Syntaxin 16 is enriched in neuronal dendrites and may have a role in neurite outgrowth

Polarized membrane traffic to different domains of the neuron is well documented, and is required for both establishment and maintenance of neuronal polarity. Some soluble N-ethylmaleimide sensitive factor attachment protein receptor (SNARE) proteins, particularly syntaxin 12/13 and TI-VAMP/VAMP7, have known roles in the neuron. We report here that the brain-enriched SNARE syntaxin 16 (Syn 16) is specifically enriched in neuronal dendrites and found at Golgi outposts, thus confirming that Golgi outposts are endowed with a trans-Golgi network (TGN) component.
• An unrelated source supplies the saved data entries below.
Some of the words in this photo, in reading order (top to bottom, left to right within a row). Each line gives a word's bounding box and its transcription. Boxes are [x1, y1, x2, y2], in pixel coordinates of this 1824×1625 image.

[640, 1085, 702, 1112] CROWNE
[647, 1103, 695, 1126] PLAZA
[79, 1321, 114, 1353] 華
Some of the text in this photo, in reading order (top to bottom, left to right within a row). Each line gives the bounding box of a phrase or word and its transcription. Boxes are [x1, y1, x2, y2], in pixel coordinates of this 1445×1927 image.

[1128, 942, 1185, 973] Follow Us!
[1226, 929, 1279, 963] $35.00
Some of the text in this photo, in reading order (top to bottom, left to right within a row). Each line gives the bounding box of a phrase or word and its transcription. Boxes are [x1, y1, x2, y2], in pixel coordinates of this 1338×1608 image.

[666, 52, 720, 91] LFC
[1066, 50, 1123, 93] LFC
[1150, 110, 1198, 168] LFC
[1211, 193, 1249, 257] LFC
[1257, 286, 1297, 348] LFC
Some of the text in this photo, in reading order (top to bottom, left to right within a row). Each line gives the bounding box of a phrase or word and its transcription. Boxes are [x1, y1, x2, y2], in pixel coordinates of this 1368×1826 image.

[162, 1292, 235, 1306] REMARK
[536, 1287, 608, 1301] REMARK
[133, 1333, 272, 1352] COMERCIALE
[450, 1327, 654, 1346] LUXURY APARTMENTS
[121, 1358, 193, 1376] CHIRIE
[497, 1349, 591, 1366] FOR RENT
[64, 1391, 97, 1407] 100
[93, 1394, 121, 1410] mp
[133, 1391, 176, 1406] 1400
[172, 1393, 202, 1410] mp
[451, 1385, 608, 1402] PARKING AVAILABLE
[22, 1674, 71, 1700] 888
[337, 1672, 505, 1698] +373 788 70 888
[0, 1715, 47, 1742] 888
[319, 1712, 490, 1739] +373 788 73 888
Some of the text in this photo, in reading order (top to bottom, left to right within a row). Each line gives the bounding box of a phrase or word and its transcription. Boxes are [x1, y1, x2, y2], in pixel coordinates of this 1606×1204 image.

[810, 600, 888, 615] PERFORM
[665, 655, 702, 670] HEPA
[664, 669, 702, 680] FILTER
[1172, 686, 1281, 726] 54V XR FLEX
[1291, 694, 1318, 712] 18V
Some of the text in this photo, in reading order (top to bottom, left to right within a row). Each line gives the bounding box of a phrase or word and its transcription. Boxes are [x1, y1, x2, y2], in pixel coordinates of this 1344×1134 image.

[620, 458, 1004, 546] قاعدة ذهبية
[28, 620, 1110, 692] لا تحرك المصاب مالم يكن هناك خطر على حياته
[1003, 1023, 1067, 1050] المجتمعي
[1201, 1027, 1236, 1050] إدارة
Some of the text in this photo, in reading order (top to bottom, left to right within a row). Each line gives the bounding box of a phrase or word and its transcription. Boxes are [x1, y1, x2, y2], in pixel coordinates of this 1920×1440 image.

Over-expression of wild type syntaxin 16 moderately stimulates, whereas that of an N-terminal deletion mutant (Syn 16-Delta Nt) inhibits, neurite outgrowth in both mouse Neuro-2a cells and primary cortical neurons. Consistent with an inhibited neurite growth, cells over-expressing Syn 16-Delta Nt have diminished beta III-tubulin and F-actin labeling. RNA interference-mediated silencing of syntaxin 16 in primary cortical neurons significantly retards neurite outgrowth. Syntaxin 16 may thus play a role in neurite outgrowth and perhaps other specific dendritic anterograde/retrograde traffic.